Referring expression grounding data:
────

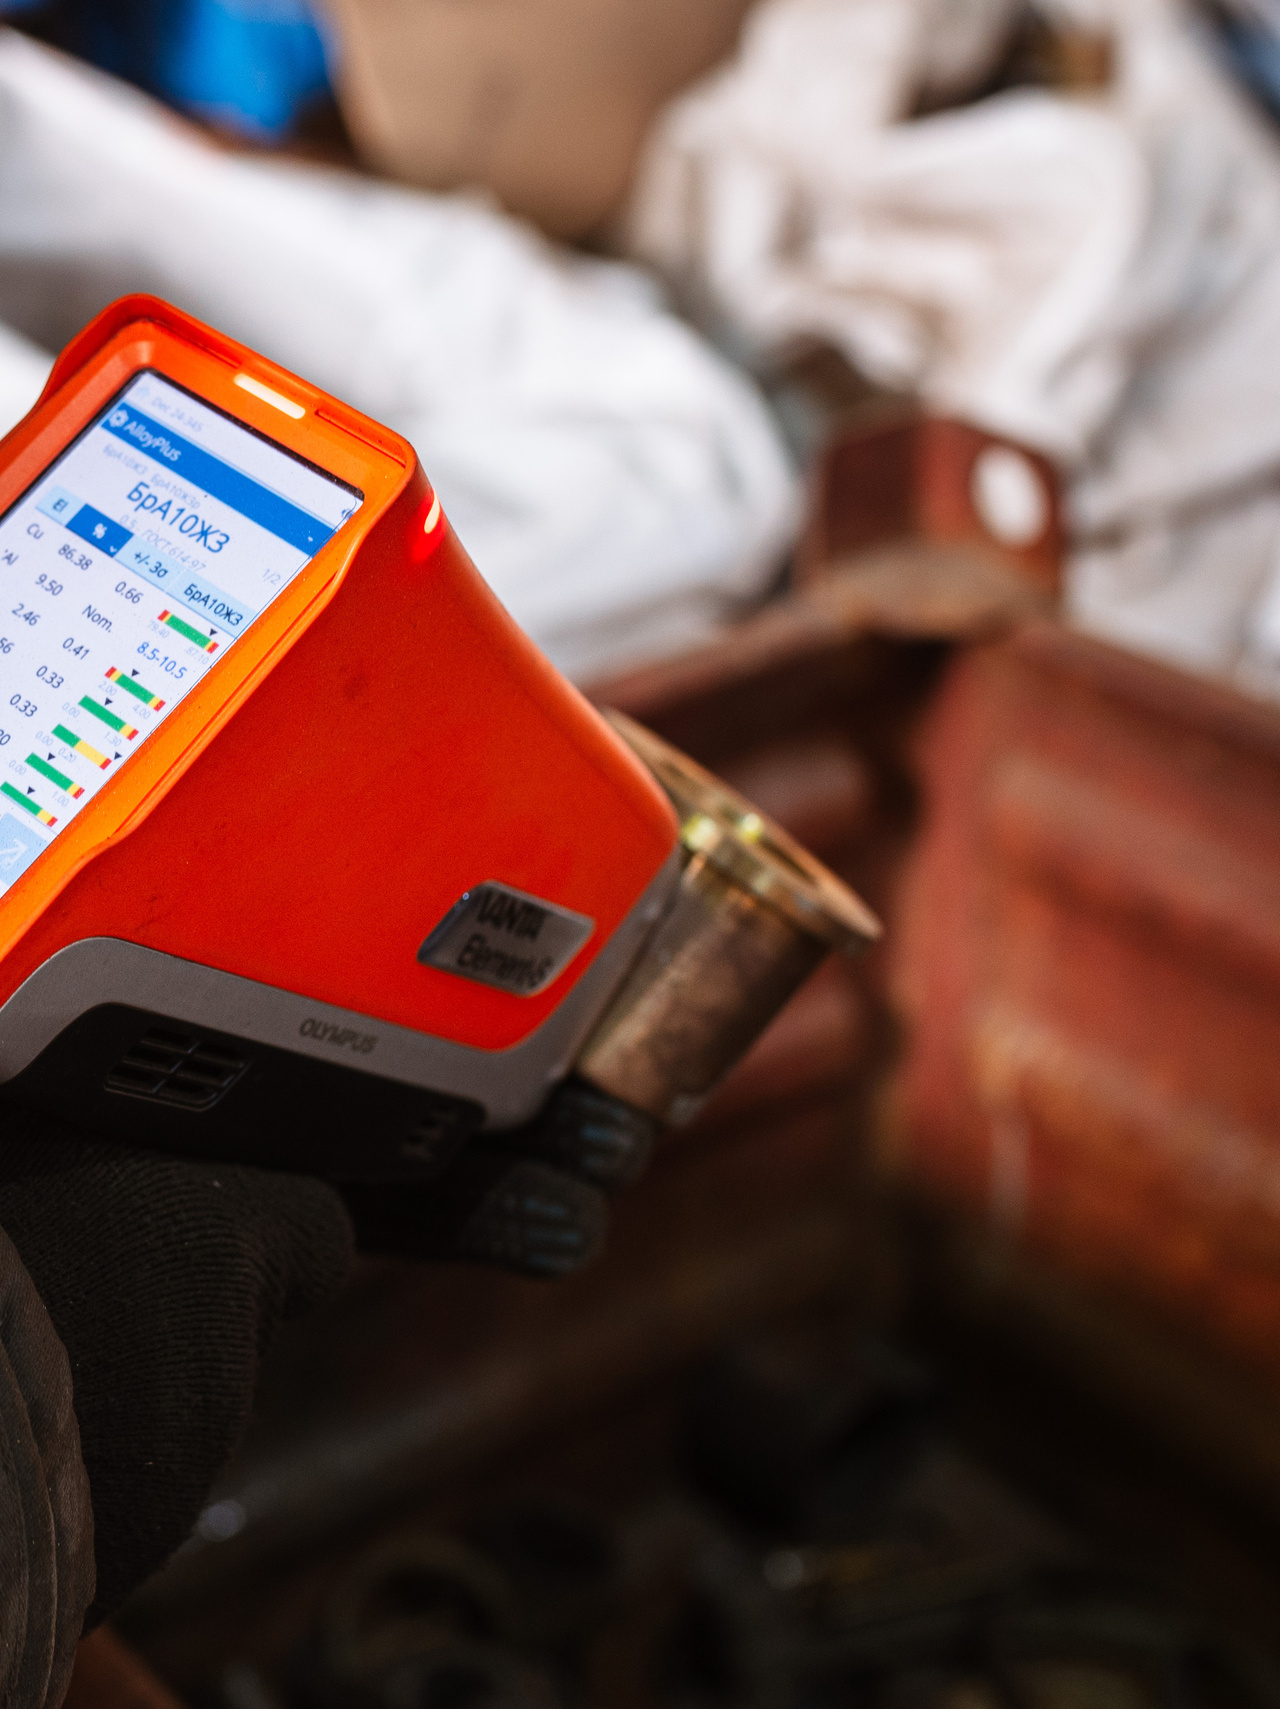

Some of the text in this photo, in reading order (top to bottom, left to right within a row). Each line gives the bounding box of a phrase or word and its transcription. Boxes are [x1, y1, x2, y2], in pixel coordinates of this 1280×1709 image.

[124, 420, 181, 460] AlloyPlus
[26, 523, 45, 540] Cu
[58, 544, 93, 571] 86.38
[114, 581, 144, 605] 0.66
[11, 603, 41, 627] 2.46
[62, 637, 90, 660] 0.41
[35, 573, 64, 597] 9.50
[82, 604, 114, 633] Nom.
[137, 641, 187, 679] 8.5-10.5
[35, 665, 65, 689] 0.33
[9, 693, 38, 717] 0.33
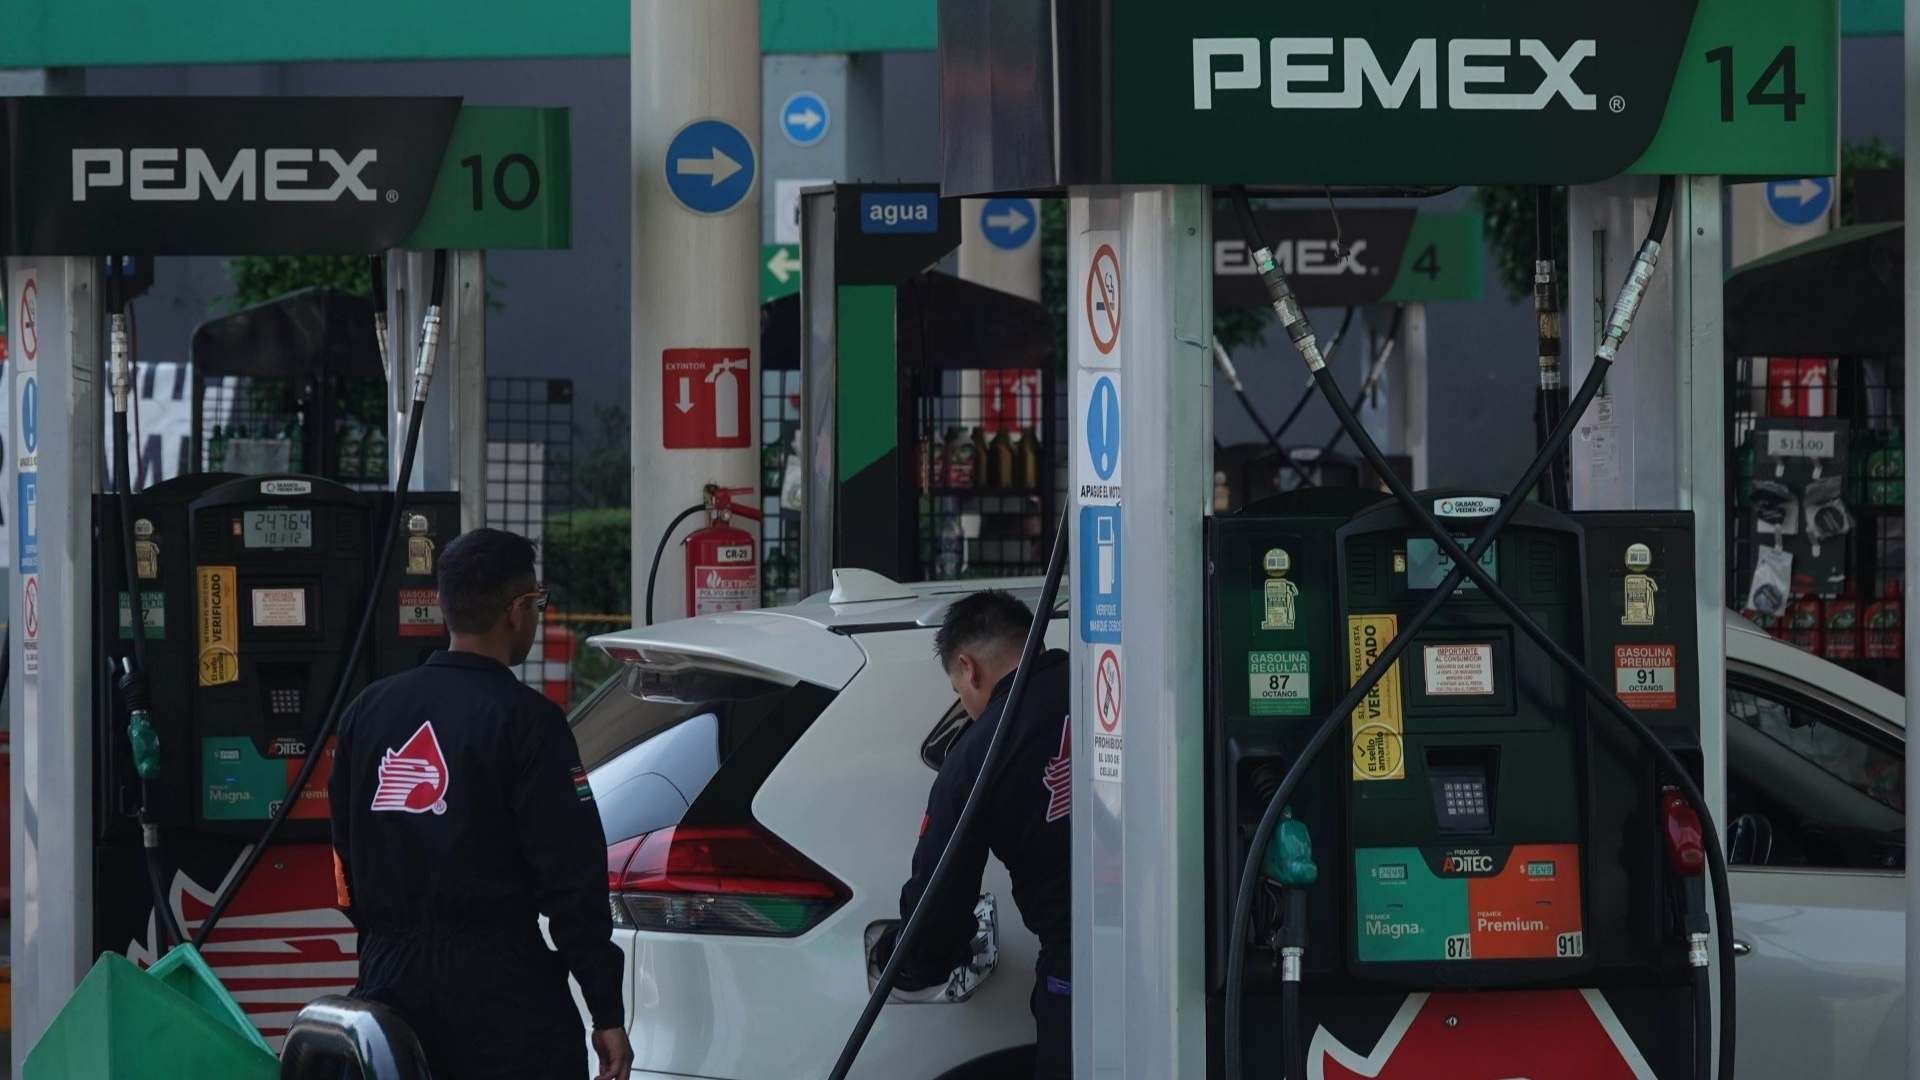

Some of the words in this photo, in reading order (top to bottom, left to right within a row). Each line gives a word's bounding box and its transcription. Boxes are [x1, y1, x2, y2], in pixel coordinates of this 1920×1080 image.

[1193, 37, 1596, 109] PEMEX
[1704, 45, 1806, 122] 14
[72, 148, 377, 201] PEMEX
[461, 153, 541, 211] 10
[869, 204, 928, 225] agua
[1412, 244, 1441, 280] 4
[665, 361, 706, 371] EXTINTOR
[1781, 438, 1824, 451] $15.00
[1080, 485, 1102, 498] APAGUE
[211, 573, 222, 643] VERIFICADO
[414, 607, 429, 618] 91
[1250, 653, 1308, 663] GASOLINA
[1437, 647, 1479, 655] IMPORTANTE
[1617, 648, 1673, 658] GASOLINA
[1251, 663, 1308, 673] REGULAR
[1620, 658, 1671, 668] PREMIUM
[1364, 625, 1381, 719] VERCADO
[1636, 669, 1656, 684] 91
[1269, 675, 1290, 690] 87
[1367, 739, 1376, 762] sello
[1376, 731, 1385, 771] amarillo
[1368, 763, 1377, 772] El
[209, 790, 250, 804] Magna
[1365, 921, 1419, 940] Magna
[1477, 917, 1544, 932] Premium
[1447, 938, 1465, 957] 87
[1558, 935, 1575, 955] 91
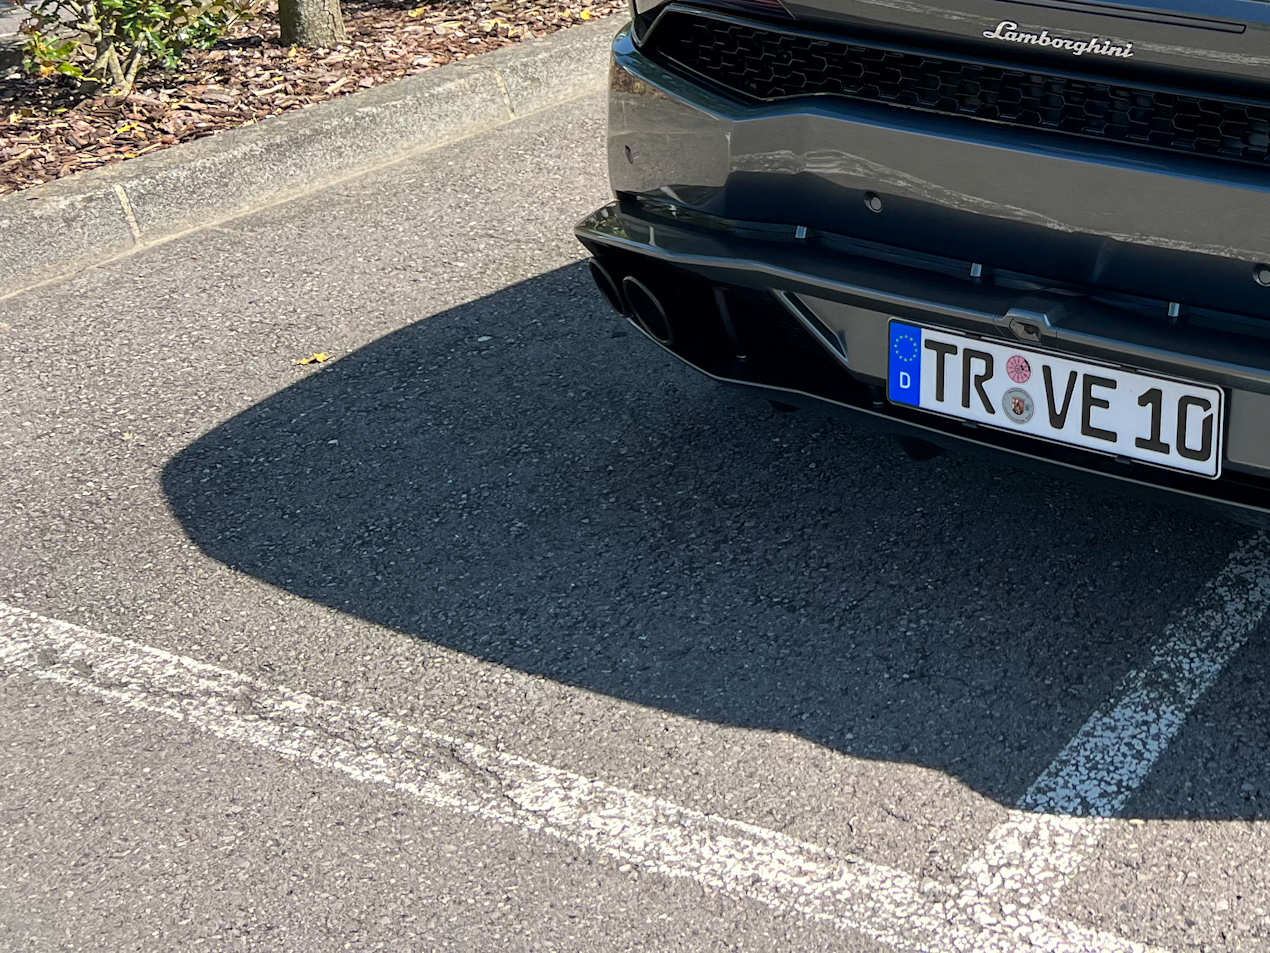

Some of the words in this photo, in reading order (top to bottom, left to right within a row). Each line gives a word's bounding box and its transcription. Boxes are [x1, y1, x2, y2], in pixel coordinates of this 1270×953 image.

[982, 19, 1134, 59] Lamborghini
[899, 371, 911, 390] D
[924, 338, 996, 416] TR
[1042, 364, 1118, 443] VE
[1134, 388, 1214, 462] 10

────

## What is needed
Pictures omitted, give the entries again exactly.

## Worked solution
Some of the text in this photo, in reading order (top to bottom, left to right within a row). Each line gives the bounding box of a phrase or word and its transcription. Boxes are [x1, y1, x2, y2], in pixel coordinates of this 1280×1709 image.

[124, 420, 181, 460] AlloyPlus
[26, 523, 45, 540] Cu
[58, 544, 93, 571] 86.38
[114, 581, 144, 605] 0.66
[11, 603, 41, 627] 2.46
[62, 637, 90, 660] 0.41
[35, 573, 64, 597] 9.50
[82, 604, 114, 633] Nom.
[137, 641, 187, 679] 8.5-10.5
[35, 665, 65, 689] 0.33
[9, 693, 38, 717] 0.33

Some of the words in this photo, in reading order (top to bottom, left to right within a row). Each line gives a word's bounding box and its transcription. Boxes are [x1, y1, x2, y2], in pixel coordinates of this 1920×1080 image.

[1193, 37, 1596, 109] PEMEX
[1704, 45, 1806, 122] 14
[72, 148, 377, 201] PEMEX
[461, 153, 541, 211] 10
[869, 204, 928, 225] agua
[1412, 244, 1441, 280] 4
[665, 361, 706, 371] EXTINTOR
[1781, 438, 1824, 451] $15.00
[1080, 485, 1102, 498] APAGUE
[211, 573, 222, 643] VERIFICADO
[414, 607, 429, 618] 91
[1250, 653, 1308, 663] GASOLINA
[1437, 647, 1479, 655] IMPORTANTE
[1617, 648, 1673, 658] GASOLINA
[1251, 663, 1308, 673] REGULAR
[1620, 658, 1671, 668] PREMIUM
[1364, 625, 1381, 719] VERCADO
[1636, 669, 1656, 684] 91
[1269, 675, 1290, 690] 87
[1367, 739, 1376, 762] sello
[1376, 731, 1385, 771] amarillo
[1368, 763, 1377, 772] El
[209, 790, 250, 804] Magna
[1365, 921, 1419, 940] Magna
[1477, 917, 1544, 932] Premium
[1447, 938, 1465, 957] 87
[1558, 935, 1575, 955] 91

Some of the words in this photo, in reading order (top to bottom, left to right within a row). Each line gives a word's bounding box and its transcription. Boxes are [x1, y1, x2, y2], in pixel coordinates of this 1270×953 image.

[982, 19, 1134, 59] Lamborghini
[899, 371, 911, 390] D
[924, 338, 996, 416] TR
[1042, 364, 1118, 443] VE
[1134, 388, 1214, 462] 10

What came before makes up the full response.